*** Supplied data Section Begins ***

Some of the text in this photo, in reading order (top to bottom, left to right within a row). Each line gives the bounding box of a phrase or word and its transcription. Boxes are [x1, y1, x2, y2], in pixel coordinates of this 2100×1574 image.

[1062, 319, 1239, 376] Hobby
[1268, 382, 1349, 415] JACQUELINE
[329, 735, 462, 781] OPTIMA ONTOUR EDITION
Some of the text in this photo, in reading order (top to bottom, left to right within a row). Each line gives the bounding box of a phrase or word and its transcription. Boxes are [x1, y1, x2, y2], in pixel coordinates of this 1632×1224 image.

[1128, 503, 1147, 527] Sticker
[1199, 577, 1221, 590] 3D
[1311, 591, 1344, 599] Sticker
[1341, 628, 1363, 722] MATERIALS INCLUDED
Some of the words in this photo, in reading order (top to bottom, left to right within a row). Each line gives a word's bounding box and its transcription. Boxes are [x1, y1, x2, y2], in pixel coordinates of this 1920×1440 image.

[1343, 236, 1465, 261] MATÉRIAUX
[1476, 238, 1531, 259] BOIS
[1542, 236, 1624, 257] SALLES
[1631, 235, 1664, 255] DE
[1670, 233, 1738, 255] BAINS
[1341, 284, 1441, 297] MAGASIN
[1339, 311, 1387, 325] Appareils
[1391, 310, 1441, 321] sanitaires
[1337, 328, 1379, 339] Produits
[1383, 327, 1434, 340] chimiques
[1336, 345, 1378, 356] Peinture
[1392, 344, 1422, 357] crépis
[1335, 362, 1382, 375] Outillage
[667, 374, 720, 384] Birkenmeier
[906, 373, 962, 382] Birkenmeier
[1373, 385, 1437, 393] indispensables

*** Supplied data Section Ends ***

Required work | Leaving nothing out, print each line above exactly.

Expected answer |
Some of the text in this photo, in reading order (top to bottom, left to right within a row). Each line gives the bounding box of a phrase or word and its transcription. Boxes are [x1, y1, x2, y2], in pixel coordinates of this 2100×1574 image.

[1062, 319, 1239, 376] Hobby
[1268, 382, 1349, 415] JACQUELINE
[329, 735, 462, 781] OPTIMA ONTOUR EDITION
Some of the text in this photo, in reading order (top to bottom, left to right within a row). Each line gives the bounding box of a phrase or word and its transcription. Boxes are [x1, y1, x2, y2], in pixel coordinates of this 1632×1224 image.

[1128, 503, 1147, 527] Sticker
[1199, 577, 1221, 590] 3D
[1311, 591, 1344, 599] Sticker
[1341, 628, 1363, 722] MATERIALS INCLUDED
Some of the words in this photo, in reading order (top to bottom, left to right within a row). Each line gives a word's bounding box and its transcription. Boxes are [x1, y1, x2, y2], in pixel coordinates of this 1920×1440 image.

[1343, 236, 1465, 261] MATÉRIAUX
[1476, 238, 1531, 259] BOIS
[1542, 236, 1624, 257] SALLES
[1631, 235, 1664, 255] DE
[1670, 233, 1738, 255] BAINS
[1341, 284, 1441, 297] MAGASIN
[1339, 311, 1387, 325] Appareils
[1391, 310, 1441, 321] sanitaires
[1337, 328, 1379, 339] Produits
[1383, 327, 1434, 340] chimiques
[1336, 345, 1378, 356] Peinture
[1392, 344, 1422, 357] crépis
[1335, 362, 1382, 375] Outillage
[667, 374, 720, 384] Birkenmeier
[906, 373, 962, 382] Birkenmeier
[1373, 385, 1437, 393] indispensables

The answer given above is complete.